UK economy losing £2bn every day in deepest slump since Great Depression
The coronavirus lockdown has already wiped £50 billion off the economy as the UK plunges into the deepest slump since the Great Depression.
The Office for Budget Responsibility this week estimated that the closure of schools, shops, offices and factories was costing Britain £2 billion a day.
That means it has already knocked £50 billion – or 2.5 per cent – off gross domestic product in the 25 days since Boris Johnson announced the restrictions on March 23.
Empty streets: The Office for Budget Responsibility estimates that the closure of schools, shops, offices and factories was costing Britain £2 billion a day
In the US, the world’s biggest economy, another 5.2m people in the past week filed for unemployment benefits, bringing the total in just four weeks to 22m, wiping out the previous jobs boom enjoyed in that country.

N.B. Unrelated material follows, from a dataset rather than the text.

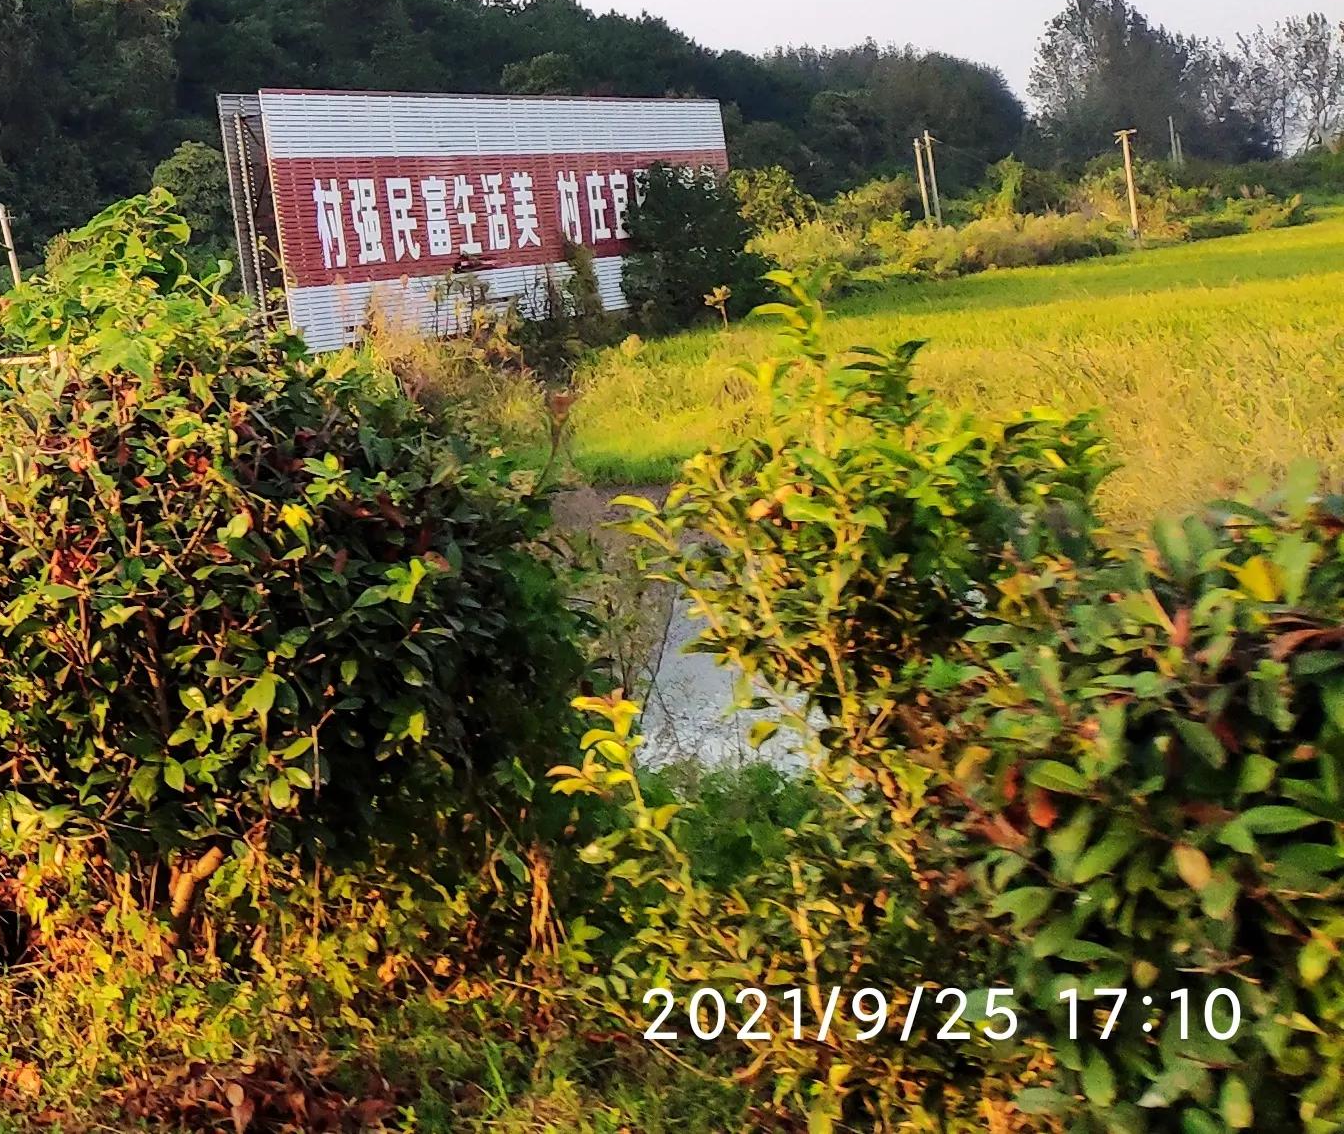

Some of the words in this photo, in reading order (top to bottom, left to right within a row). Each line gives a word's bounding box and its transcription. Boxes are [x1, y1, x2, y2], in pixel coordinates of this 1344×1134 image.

A $350 billion (£280 billion) rescue programme in the US for small firms has run out of cash after being set up last month as the Treasury and congressional leaders failed to reach a deal to give it more funds.
President Trump has made clear his desire to lift the lockdown as soon as possible and get his country back to work ahead of the elections later in the year. In the UK, ministers yesterday extended the lockdown for at least another three weeks but there is growing unease in Tory circles about the economic damage.
Former Chancellor Sajid Javid said it was vital to ‘phase out this lockdown as soon as we possibly can based on scientific advice’.
The OBR warned that a three month lockdown would cause a 35 per cent slump in economic output in the second quarter of this year and drive unemployment up to 10 per cent or 3.4m from its current level of 1.3m.
Think-tank the Resolution Foundation said the economy could then return to near-normal levels relatively quickly if the lockdown ends after three months, with GDP perhaps just 3 per cent lower in the medium-term. But it warned a six-month lockdown could result in unemployment hitting 5m and the
economy taking far longer to recover. And it would send the national debt ballooning with every day of the lockdown forcing the Government to borrow an extra £1.5 billion.
The Economist Intelligence Unit (EIU) is the latest respected body to add its voice to the chorus of grim forecasts for the world economy. The International Monetary Fund and others have already forecast a downturn worse than anything since the Great Depression.
But the EIU says there is a risk of a second ‘possibly much worse’ depression as governments are falling deep into debt in order to support their health services along with struggling firms and families.
Countries that were already heavily indebted such as Italy and Spain are among those most at risk.